= Beginning of Section =
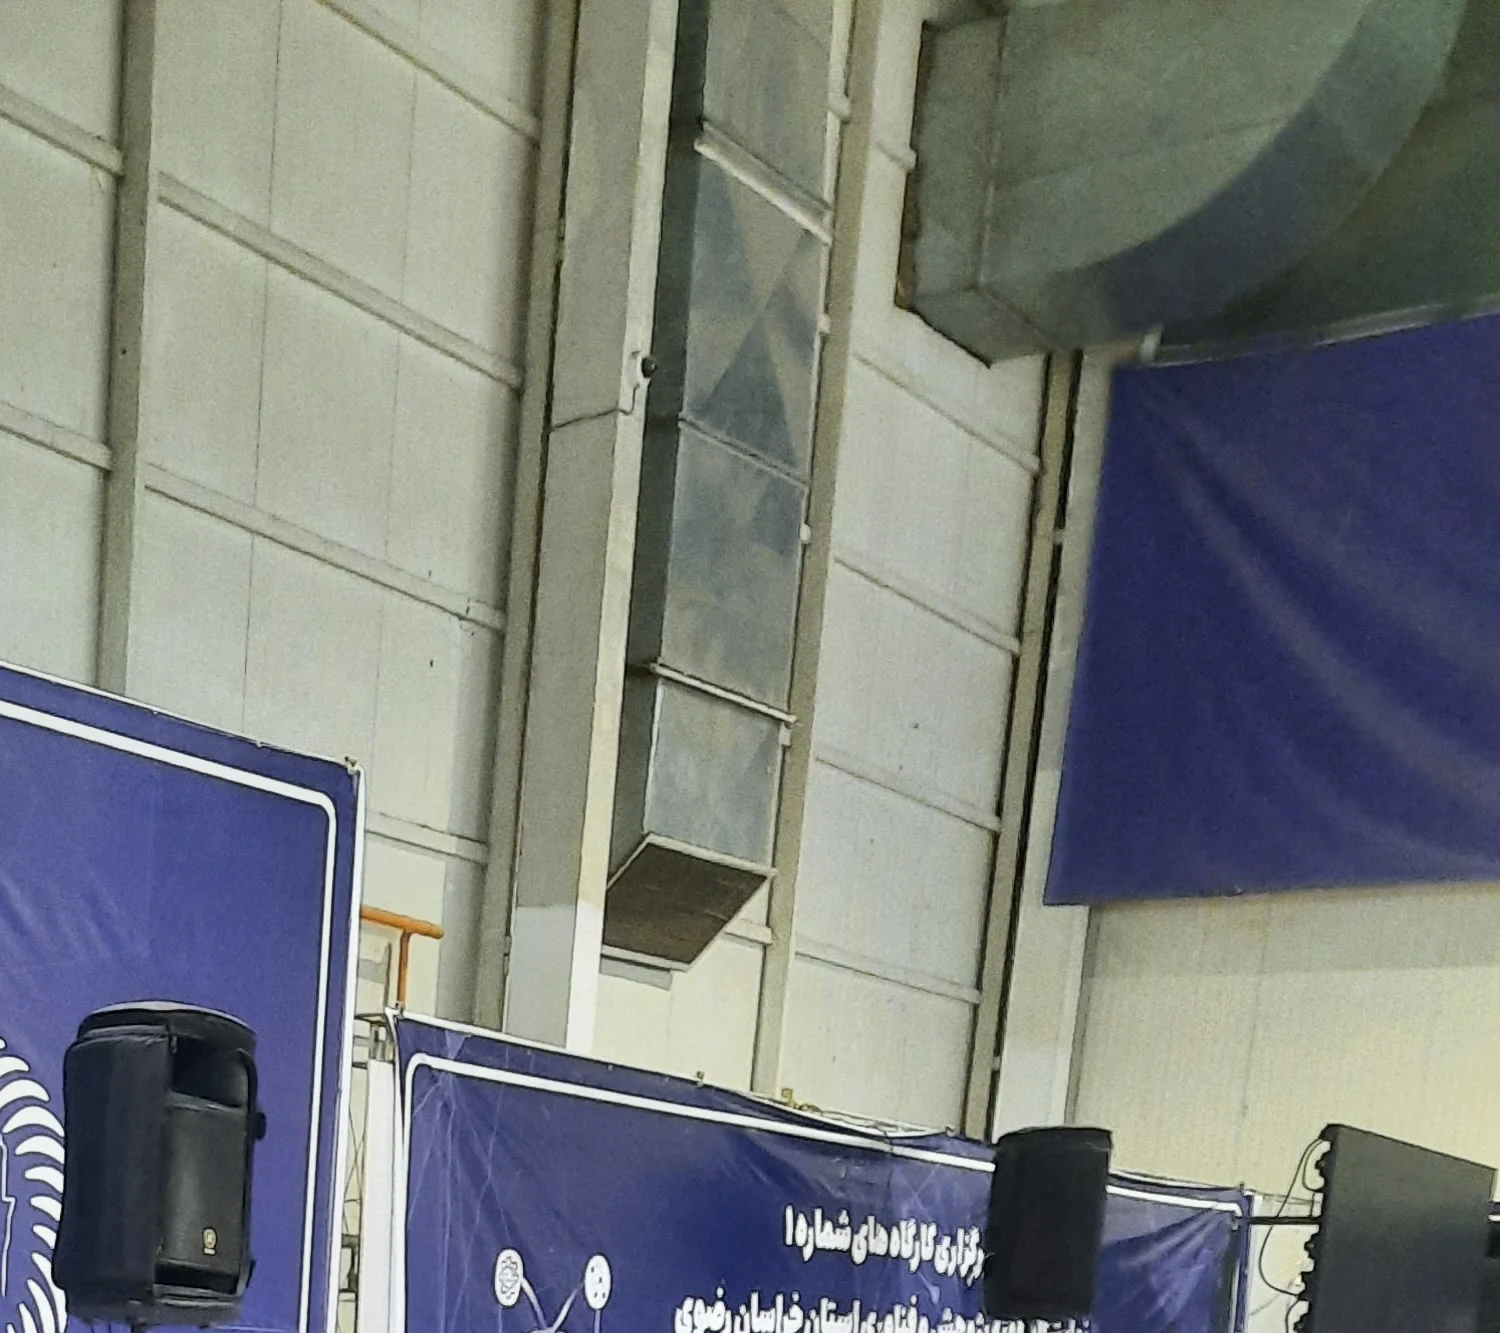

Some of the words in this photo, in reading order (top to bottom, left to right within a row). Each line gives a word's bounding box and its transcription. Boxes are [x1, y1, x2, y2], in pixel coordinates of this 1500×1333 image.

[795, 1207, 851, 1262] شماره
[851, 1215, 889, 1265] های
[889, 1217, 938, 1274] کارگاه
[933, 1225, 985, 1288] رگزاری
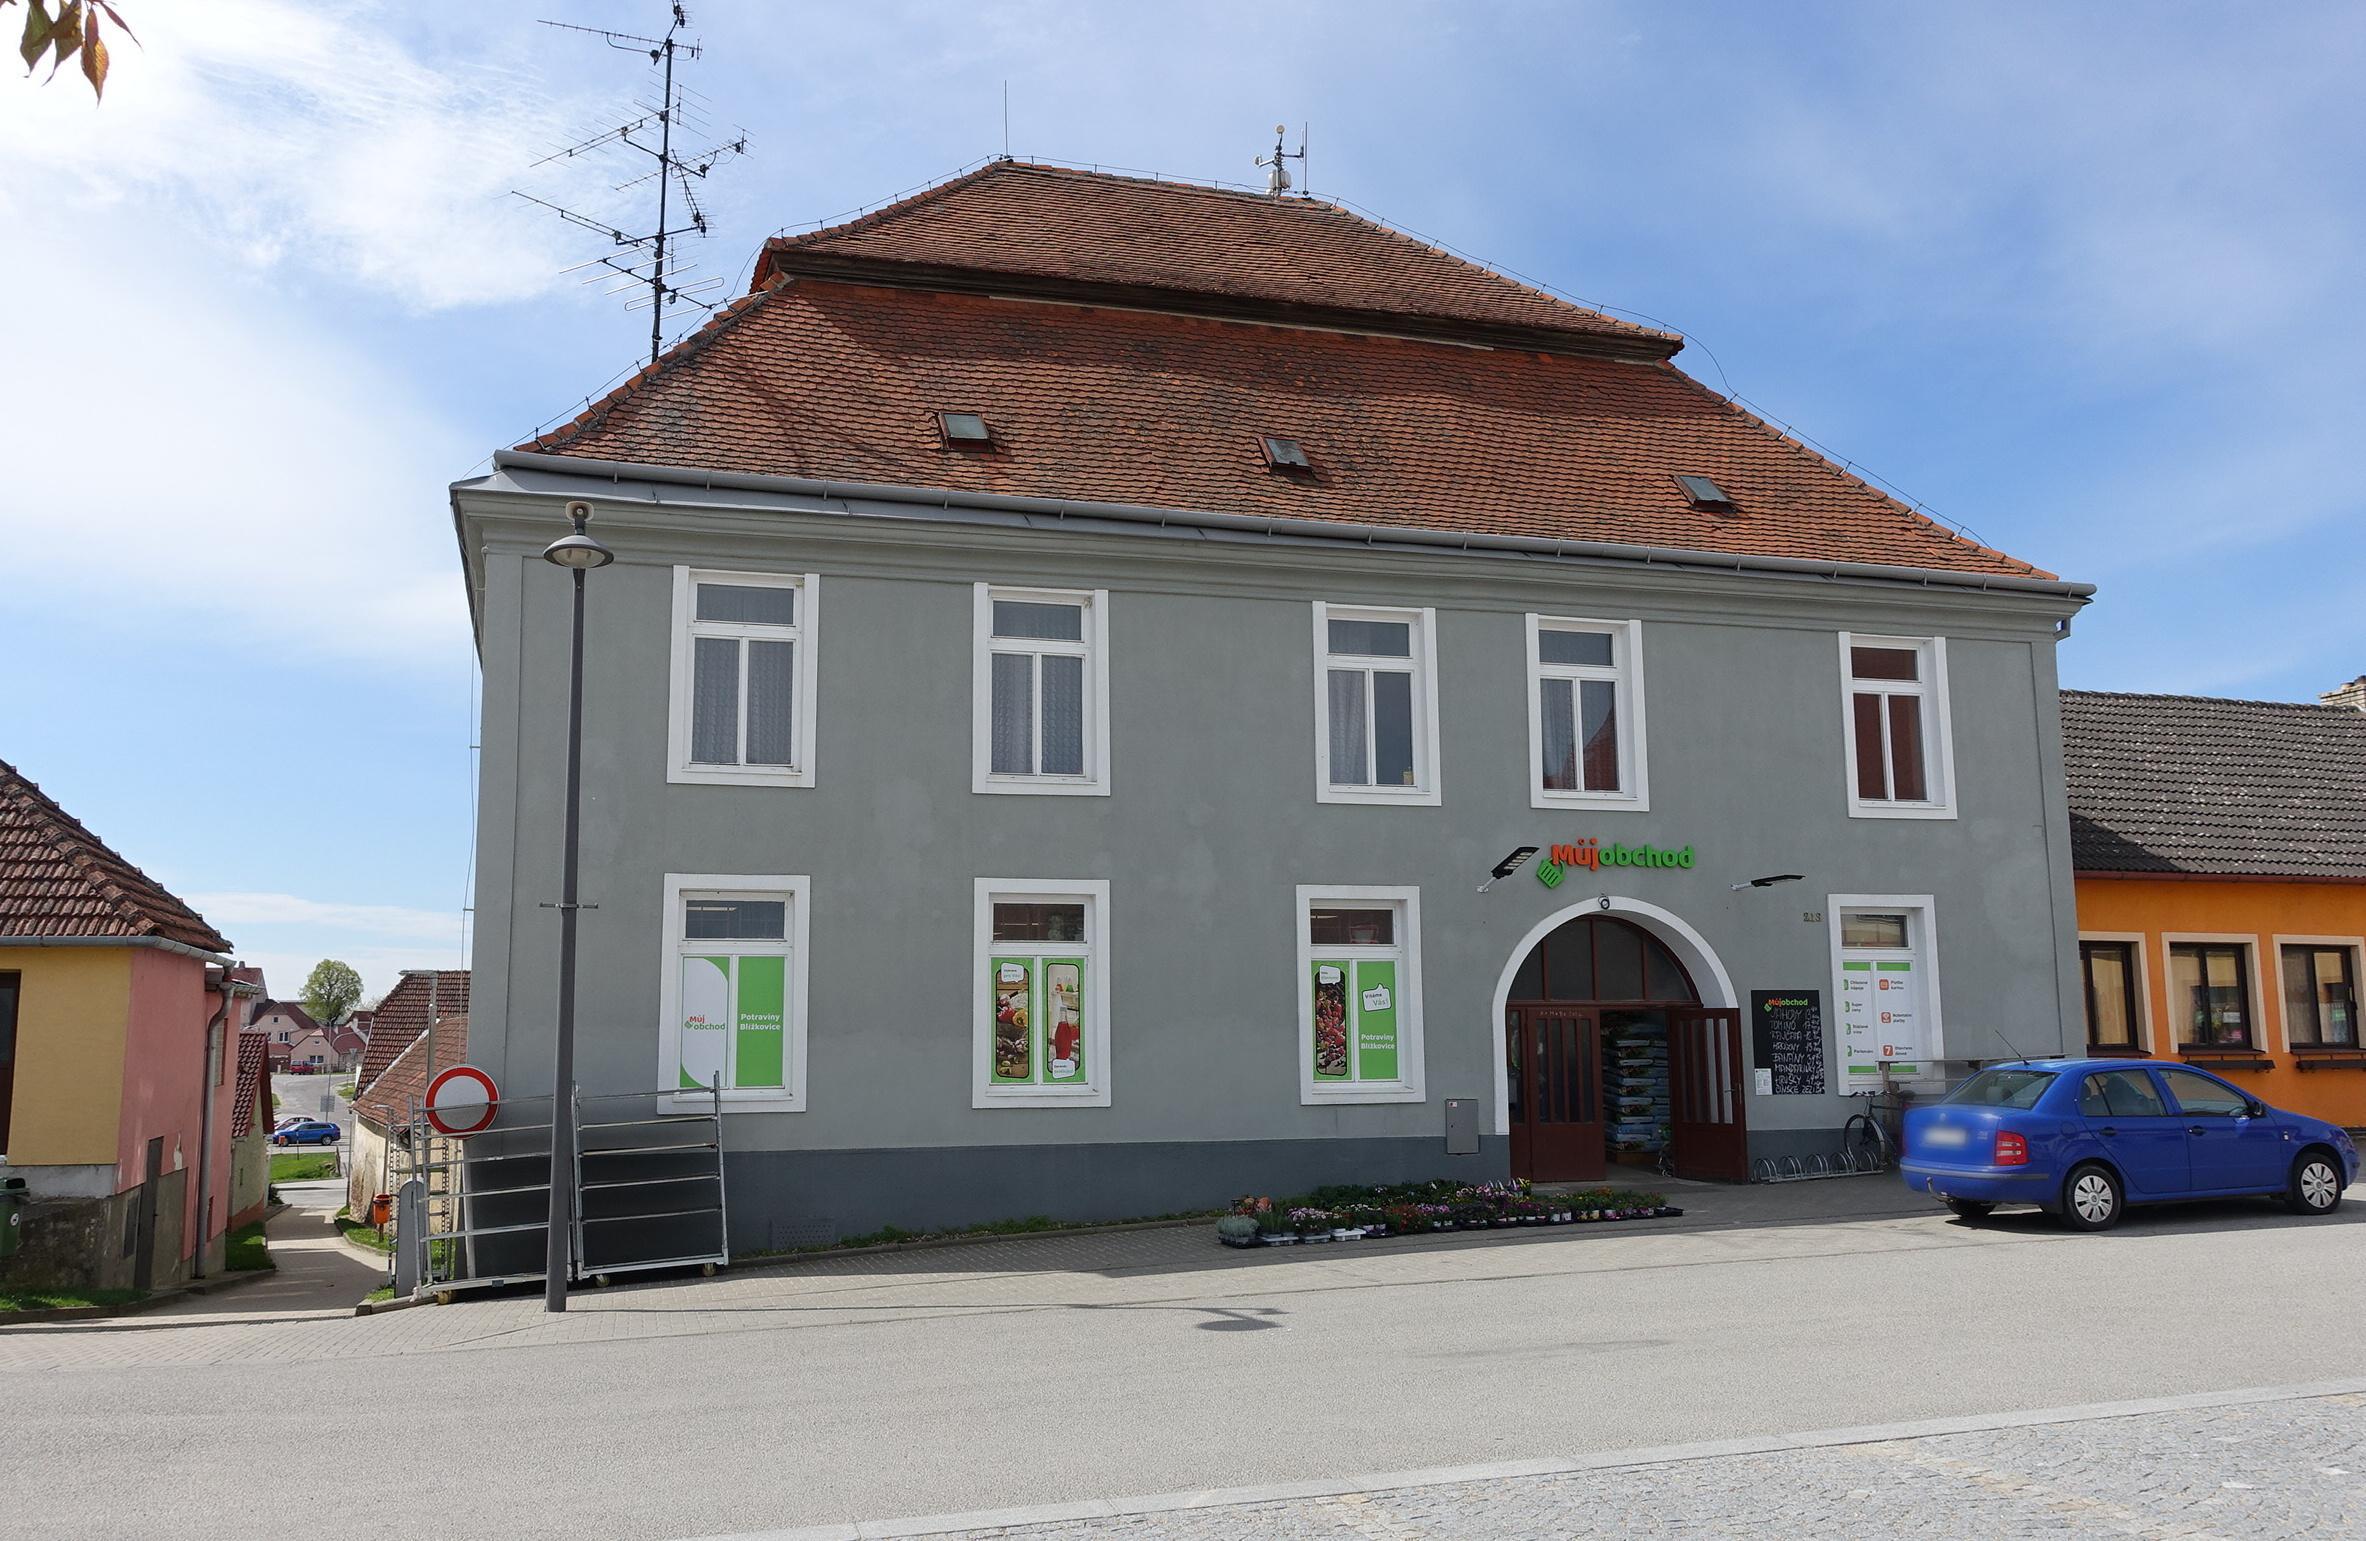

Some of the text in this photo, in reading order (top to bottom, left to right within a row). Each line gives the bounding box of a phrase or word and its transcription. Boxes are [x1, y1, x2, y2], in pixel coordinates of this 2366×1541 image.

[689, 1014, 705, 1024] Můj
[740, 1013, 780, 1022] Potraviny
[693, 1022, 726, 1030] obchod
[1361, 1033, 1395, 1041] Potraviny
= End of Section =
→ **TASK PROMPT**:
After removing the pictures, transcribe the listing above exactly.

→ **OUTPUT OF THE EXERCISE**:
Some of the words in this photo, in reading order (top to bottom, left to right within a row). Each line gives a word's bounding box and its transcription. Boxes are [x1, y1, x2, y2], in pixel coordinates of this 1500×1333 image.

[795, 1207, 851, 1262] شماره
[851, 1215, 889, 1265] های
[889, 1217, 938, 1274] کارگاه
[933, 1225, 985, 1288] رگزاری

Some of the text in this photo, in reading order (top to bottom, left to right within a row). Each line gives the bounding box of a phrase or word and its transcription. Boxes are [x1, y1, x2, y2], in pixel coordinates of this 2366×1541 image.

[689, 1014, 705, 1024] Můj
[740, 1013, 780, 1022] Potraviny
[693, 1022, 726, 1030] obchod
[1361, 1033, 1395, 1041] Potraviny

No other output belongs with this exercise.